Morphology of Paracoccidioides brasiliensis

Paracoccidioides brasiliensis is a thermally dimorphic fungus and thus grows in mold form at 25°C and in its yeast form at 37°C.
AT 25°C
Colonies are filamentous, leathery, smooth to wrinkled, woolly, cottony, or glabrous to velvety, with slow development. Within 2 to 3 weeks, the colony matures and its diameter reaches 1 to 2 cm. The front color is cream-white, tan, or brown and the reverse color is brown to brown-yellowish. It produces hyaline, septate hyphae, and aleuriconidia. The hyphae are often sterile and do not sporulate. If present, conidia are oval, unicellular, truncate, and with a broad base and rounded apex. They are located along the hyphae. Arthroconidia and intercalary chlamydospores may also be observed.

AT 37°C
Colonies are yeast-like, white, heaped, wrinkled, or folded. Mold to yeast conversion usually occurs on enriched media, such as brain heart infusion agar, and following 10 to 20 days of incubation. For definitive identification of the fungus, It is fitting to illustrate mold-to-yeast conversion. It develops numerous typical buds that cover the mother yeast cell’s entire surface. A steering wheel resembles this appearance. A narrow neck section connects the daughter cell (bud) to the mother cell. Secondary buds can develop before the bud is detached from the mother cell, forming short chains of yeast cells.

Pathogenesis of Paracoccidioidomycosis

Infection is acquired via the lungs by inhalation of spores from environmental sources. It is most common in humid mountain forests in South and Central America. Males are affected more often than females. It’s possible that female hormones protect women.

Clinical Findings in Paracoccidioidomycosis

Clinical findings depend on the site of involvement as given below.

Pulmonary paracoccidioidomycosis: Most cases have an indolent onset and chronic symptoms such as cough, fever, night sweats, malaise, and weight loss are present in patients. There are characteristic but not diagnostic chest x-rays. It is important to separate the infection from histoplasmosis and tuberculosis.

Mucocutaneous paracoccidioidomycosis: The most typical mucosal sites of infection are the mouth and nose. On the gums, tongue, lips, or palate, painful ulcerated lesions develop and may grow over weeks or months. Palate perforation of nasal septum perforation may occur. Cutaneous lesions around the mouth and nose mostly appear on the face, while widespread lesions may occur in patients with serious infections.

Lymphonodular paracoccidioidomycosis: It is normal for younger patients to have lymphadenitis. The most noticeable manifestation is the cervical and submandibular chains, and lymph nodes may advance to form abscesses with draining sinuses.

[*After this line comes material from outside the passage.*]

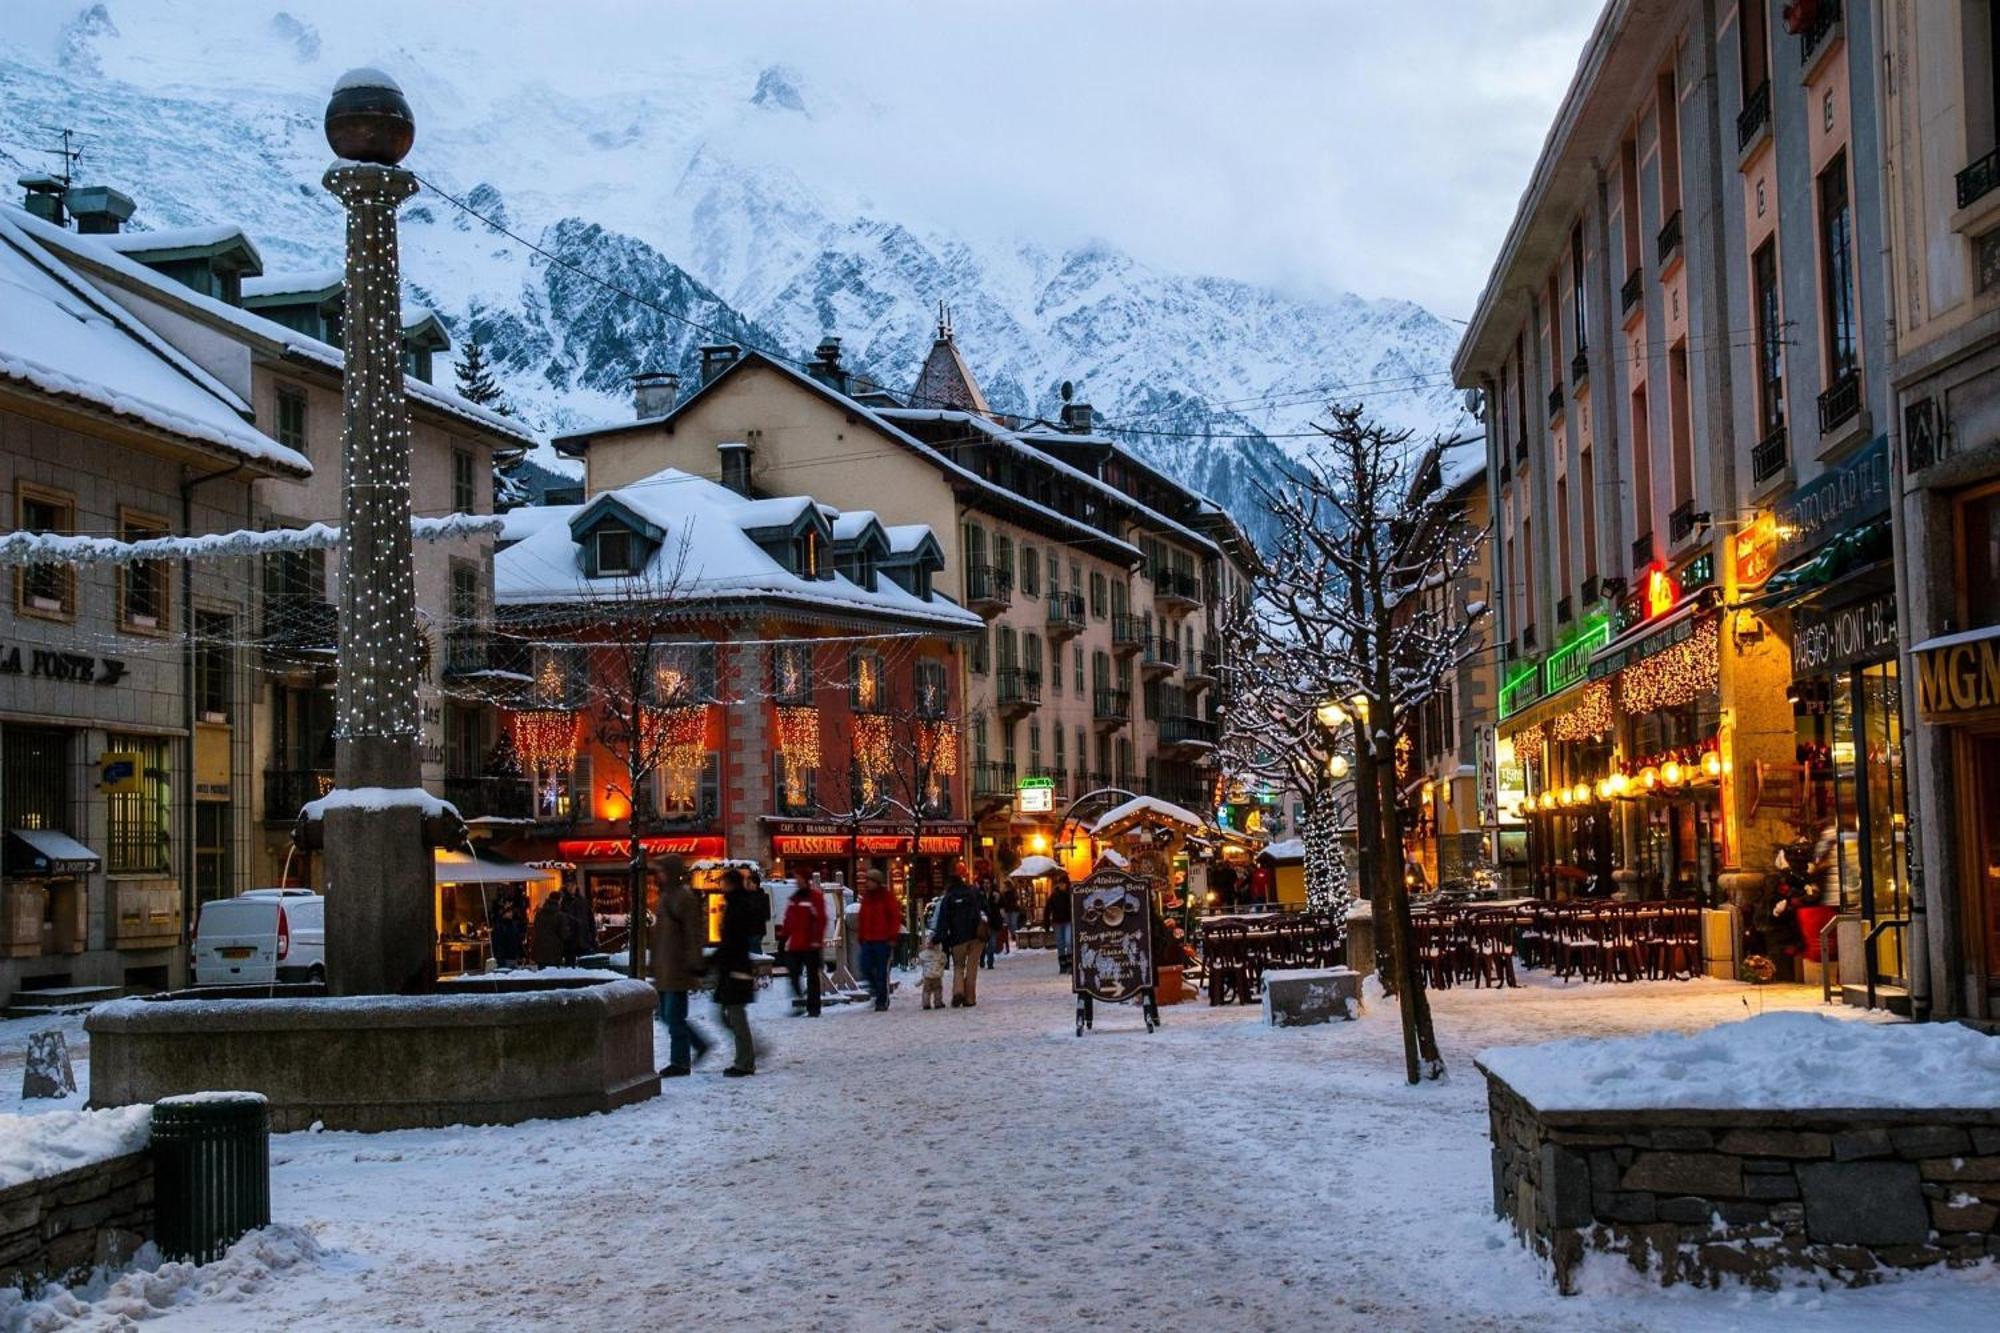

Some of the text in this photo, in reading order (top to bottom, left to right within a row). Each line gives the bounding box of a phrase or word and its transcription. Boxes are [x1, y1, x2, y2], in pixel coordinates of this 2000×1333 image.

Disseminated paracoccidioidomycosis: Paracoccidioides brasiliensis  haematogenous spread can lead to widespread disseminated disease, including small or large intestine lesions, hepatic lesions, destruction of the adrenal gland, osteomyelitis, arthritis, endophthalmitis, and meningoencephalitis, or focal cerebral lesions.

Laboratory diagnosis of  Paracoccidioides brasiliensis

Specimen: It depends on the site of infection. e.g. in the case of pulmonary paracoccidioidomycosis sputum, pleural fluid, lung biopsy may be taken whereas in mucocutaneous paracoccidioidomycosis cutaneous lesion is preferred.

Direct Examination

Potassium hydroxide (KOH) mount:  It shows a large number of yeast cells of P. brasiliensis of about 10–40 µm. Cells usually present as single cells or chains of cells with characteristic multipolar budding.

Culture Characteristics

Paracoccidioides brasiliensis are dimorphic fungi that grow both as molds ( 25°C) and as yeast at 37 ° C.  Sabouraud Dextrose Agar (SDA)  with yeast extract incubation at 25-30°C for 2 weeks shows mycelial phase.

LPCB preparation

LPCB preparation from the plate incubated at 25°C may show hyaline, septate hyphae, and aleuriconidia while from the plate incubated at 37°C shows multiple, narrow base, budding yeast cells ( steering wheels) as shown above images.

Histological Examination

Following stains are useful for identifications of this fungus and they are-

Hematoxylin and Eosin(H &E) stain: It uses to observe neutrophils and pyogranulomatous reactions due to neutrophilic interactions of the granuloma from the host tissues. Hematoxylin stains the nuclei of cells blue to bluish-purple, and eosin stains the cellular elements in the tissues from pink to red as shown above picture.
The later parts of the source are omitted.